▸ **About this exercise**
Could you output the entire listing without altering anything?
=== Begin Enclosure ===
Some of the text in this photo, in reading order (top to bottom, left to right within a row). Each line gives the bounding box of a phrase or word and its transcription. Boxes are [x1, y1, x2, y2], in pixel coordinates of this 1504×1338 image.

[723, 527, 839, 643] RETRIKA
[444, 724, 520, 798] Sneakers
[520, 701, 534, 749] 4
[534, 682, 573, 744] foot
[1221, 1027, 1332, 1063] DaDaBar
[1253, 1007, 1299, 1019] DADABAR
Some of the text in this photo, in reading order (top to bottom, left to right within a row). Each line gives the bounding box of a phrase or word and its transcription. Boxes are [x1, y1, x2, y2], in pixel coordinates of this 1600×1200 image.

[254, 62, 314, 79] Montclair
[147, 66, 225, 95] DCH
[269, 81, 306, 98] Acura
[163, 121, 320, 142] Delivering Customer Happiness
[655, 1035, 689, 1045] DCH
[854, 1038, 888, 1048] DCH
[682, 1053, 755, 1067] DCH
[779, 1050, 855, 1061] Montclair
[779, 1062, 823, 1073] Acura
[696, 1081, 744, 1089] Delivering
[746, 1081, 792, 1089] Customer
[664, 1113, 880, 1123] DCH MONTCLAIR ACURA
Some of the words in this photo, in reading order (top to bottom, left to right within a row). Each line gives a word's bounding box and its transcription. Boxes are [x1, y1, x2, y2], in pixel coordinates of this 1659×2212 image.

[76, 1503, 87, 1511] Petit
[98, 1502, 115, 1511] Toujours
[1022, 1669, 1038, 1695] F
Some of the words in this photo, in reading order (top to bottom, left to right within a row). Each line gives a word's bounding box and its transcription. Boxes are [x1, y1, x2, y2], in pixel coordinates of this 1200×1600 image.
=== End Enclosure ===
▸ **Solution to this task**
Some of the text in this photo, in reading order (top to bottom, left to right within a row). Each line gives the bounding box of a phrase or word and its transcription. Boxes are [x1, y1, x2, y2], in pixel coordinates of this 1504×1338 image.

[723, 527, 839, 643] RETRIKA
[444, 724, 520, 798] Sneakers
[520, 701, 534, 749] 4
[534, 682, 573, 744] foot
[1221, 1027, 1332, 1063] DaDaBar
[1253, 1007, 1299, 1019] DADABAR
Some of the text in this photo, in reading order (top to bottom, left to right within a row). Each line gives the bounding box of a phrase or word and its transcription. Boxes are [x1, y1, x2, y2], in pixel coordinates of this 1600×1200 image.

[254, 62, 314, 79] Montclair
[147, 66, 225, 95] DCH
[269, 81, 306, 98] Acura
[163, 121, 320, 142] Delivering Customer Happiness
[655, 1035, 689, 1045] DCH
[854, 1038, 888, 1048] DCH
[682, 1053, 755, 1067] DCH
[779, 1050, 855, 1061] Montclair
[779, 1062, 823, 1073] Acura
[696, 1081, 744, 1089] Delivering
[746, 1081, 792, 1089] Customer
[664, 1113, 880, 1123] DCH MONTCLAIR ACURA
Some of the words in this photo, in reading order (top to bottom, left to right within a row). Each line gives a word's bounding box and its transcription. Boxes are [x1, y1, x2, y2], in pixel coordinates of this 1659×2212 image.

[76, 1503, 87, 1511] Petit
[98, 1502, 115, 1511] Toujours
[1022, 1669, 1038, 1695] F
Some of the words in this photo, in reading order (top to bottom, left to right within a row). Each line gives a word's bounding box and its transcription. Boxes are [x1, y1, x2, y2], in pixel coordinates of this 1200×1600 image.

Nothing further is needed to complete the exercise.